[Referring expression grounding data]
-*-

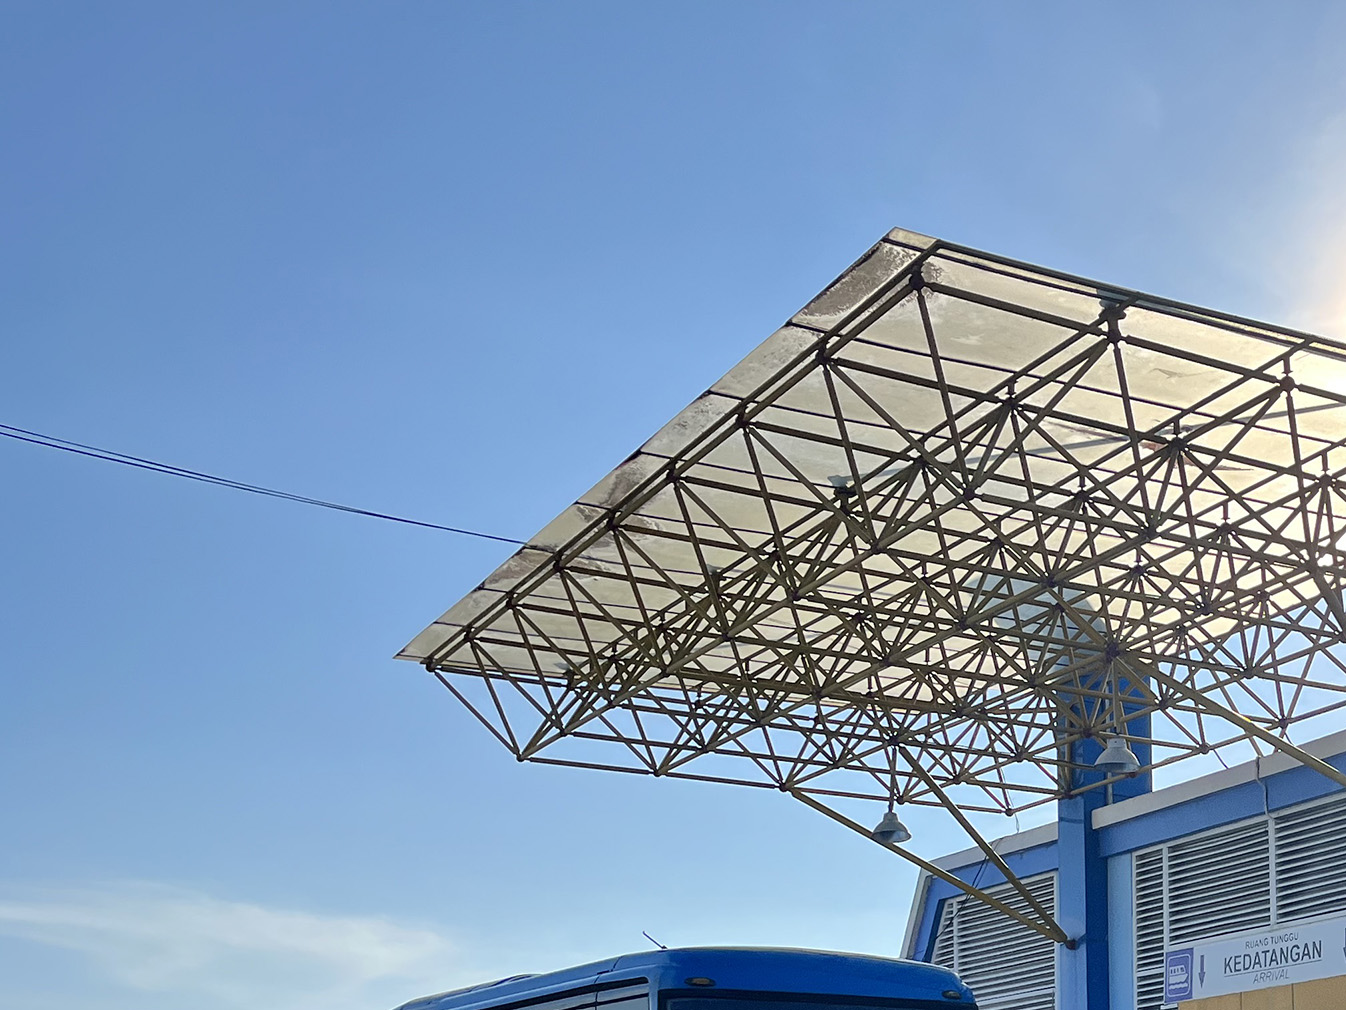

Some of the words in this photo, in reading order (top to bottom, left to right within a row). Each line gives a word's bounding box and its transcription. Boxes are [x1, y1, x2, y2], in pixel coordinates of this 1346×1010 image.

[1245, 937, 1269, 950] RUANG
[1271, 932, 1299, 945] TUNGGU
[1224, 940, 1322, 974] KEDATANGAN
[1253, 969, 1290, 984] ARRIVAL

-*-

> _Directions_: Exact output of each line above is wanted, without the pictures.

> _Response area_:
Some of the words in this photo, in reading order (top to bottom, left to right within a row). Each line gives a word's bounding box and its transcription. Boxes are [x1, y1, x2, y2], in pixel coordinates of this 1346×1010 image.

[1245, 937, 1269, 950] RUANG
[1271, 932, 1299, 945] TUNGGU
[1224, 940, 1322, 974] KEDATANGAN
[1253, 969, 1290, 984] ARRIVAL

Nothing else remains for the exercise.